Un leonés saca 124.000 € de la cuenta de un amigo y se gasta 82.000 en criptomonedas
La víctima le pidió hasta media docena de veces recuperar el dinero pero no le hizo caso

Una persona realiza una transacción en criptomonedas.
Un leonés, acusado de disponer indebidamente de 124.000 euros de la cuenta de un amigo, que usó el dinero para comprar casi 82.000 euros en criptomonedas, será juzgado previsiblemente tras la decisión de la Audiencia Provincial de dar trámite a las partes personadas en la causa para que presenten escrito de acusación, habida cuenta de la existencia de indicios de delito.

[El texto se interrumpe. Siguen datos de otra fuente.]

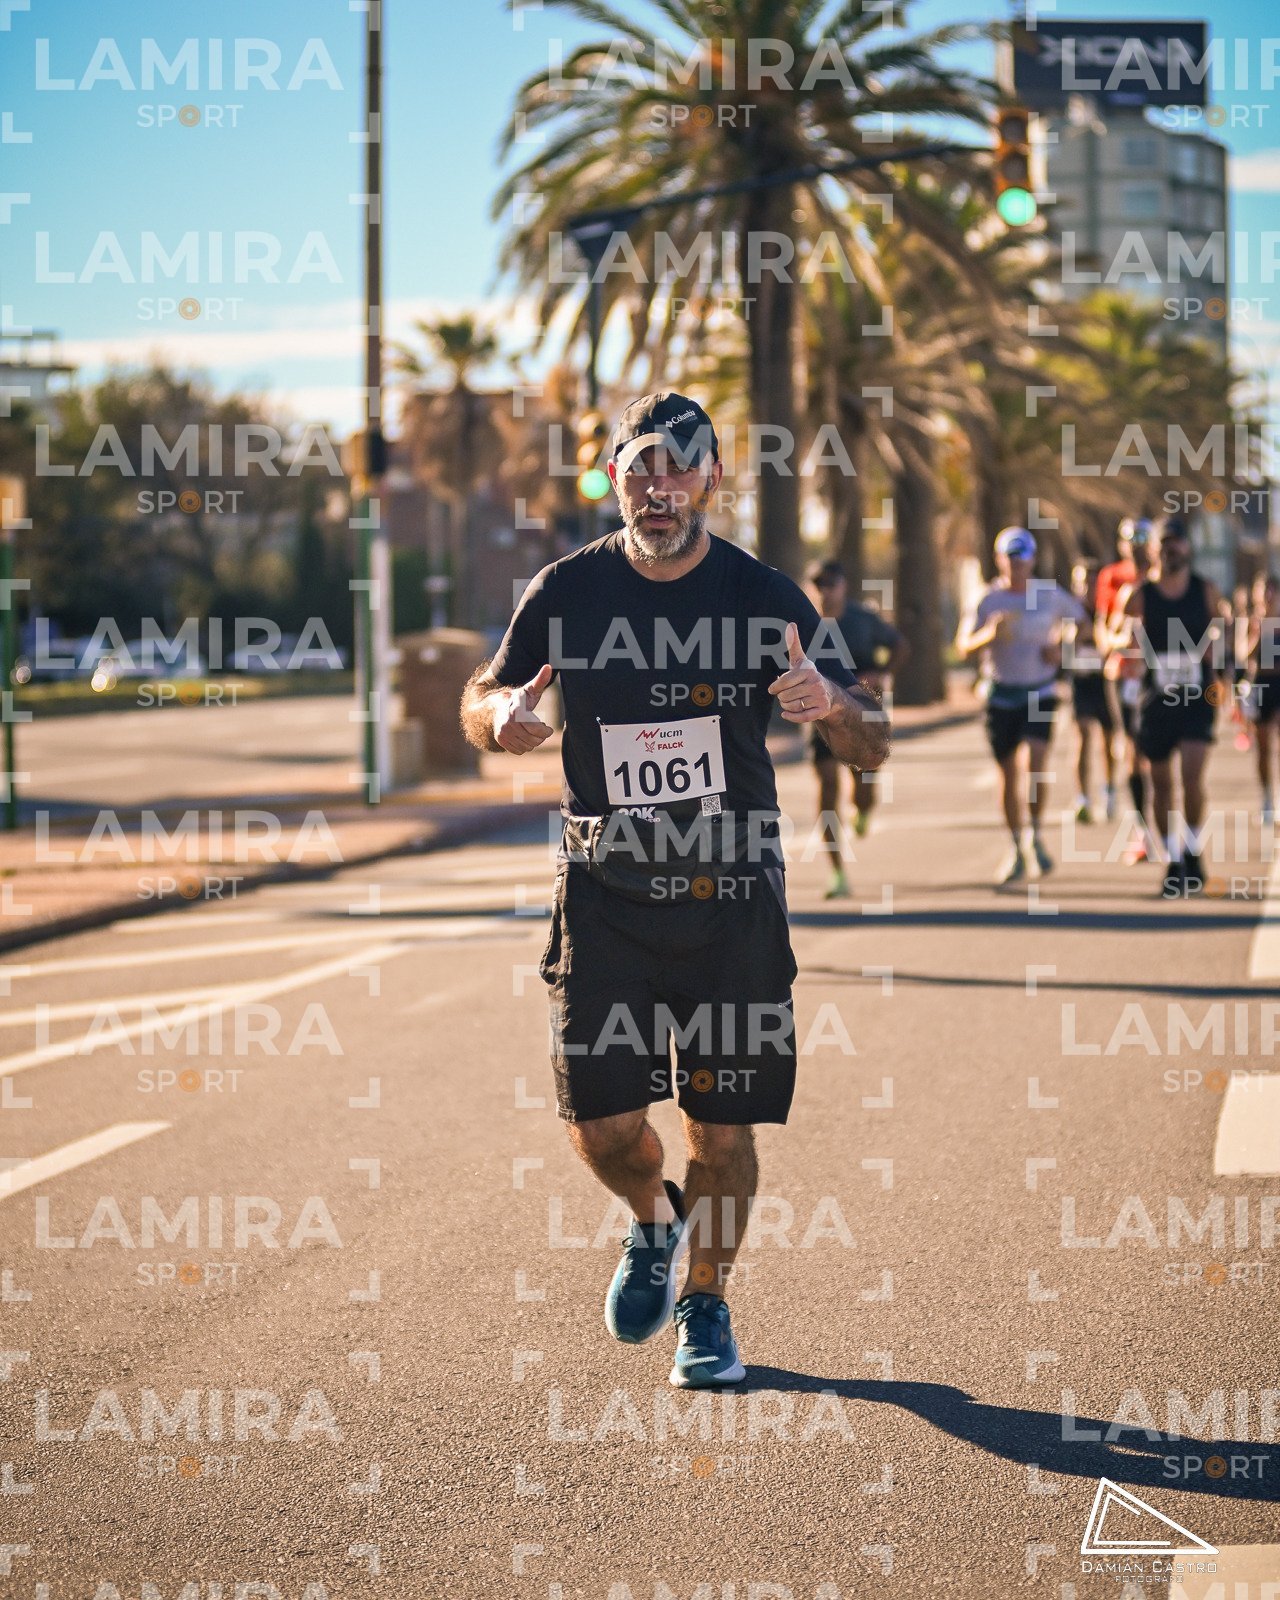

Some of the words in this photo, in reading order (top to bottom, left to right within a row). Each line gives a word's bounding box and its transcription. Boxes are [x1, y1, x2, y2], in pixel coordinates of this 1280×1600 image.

[659, 729, 683, 739] ucm
[657, 741, 684, 750] FALCK
[613, 751, 713, 798] 1061

El acusado conocía al estafado y llegó a un acuerdo con él para que realizase inversiones en dinero virtual. Tenía varias carteras de criptomonedas y dos de ellas las usó de forma específica para los movimientos de dinero del demandante.
En mayo de 2021 el propietario del dinero exigió al demandado que retirase fondos para recoger beneficios, pero se encontró con evasivas del supuesto autor de los hechos. Dos meses después le volvió a preguntar por el dinero de la retirada que estaba pendiente, actitud que se repitió tres veces más en agosto. Otra vezx en septiembre insistió en que necesitaba vender las monedas para obtener liquidez, pero recibió la excusa de que la cuenta estaba bloqueada y que no podía hacer operaciones.
Siempre con evasivas
Preguntado de nuevo en octubre, la respuesta fue que no sólo que tenía bloqueada la cuenta con la que operaba con criptomonedas, sino que también tenía bloqueada la de la entidad bancaria donde debería recibir el dinero. Poco después se produjo una discusión por el retraso en el trámite, que se zanjó cuando el sospechoso le mandó unas capturas de pantalla que de forma hipotética, justificaban el trasvase de los capitales. A partir de las siguientes disputas, el sospechoso dejó de contestarle a los mensajes, aunque vivían cerca.
De la cuenta de la víctima se realizaron disposiciones de dinero por un importe total de 41.818,34 euros, realizando el procesado retiradas de criptomonedas, sin el consentimiento del querellante, por un importe de 82.867,15 euros, que fueron desviados al pago de servicios, o a otras billeteras digitales o cuentas propiedad del querellado, por un importe total distraído de 124.685,49 euros.
En su defensa, el procesado alega que las compras que hacía desde su cuenta eran sus compras, las hacia él personalmente y no eran para ninguna persona en concreto, compraba con el dinero procedente de su cuenta bancaria y no necesitaba que nadie le autorizara para operar en su cuenta personal.
La Fiscalía aprecia la existencia de delito y solicita la apertura de jucio oral, como así lo hace también la acusación particular. La defensa propone que se archive la causa.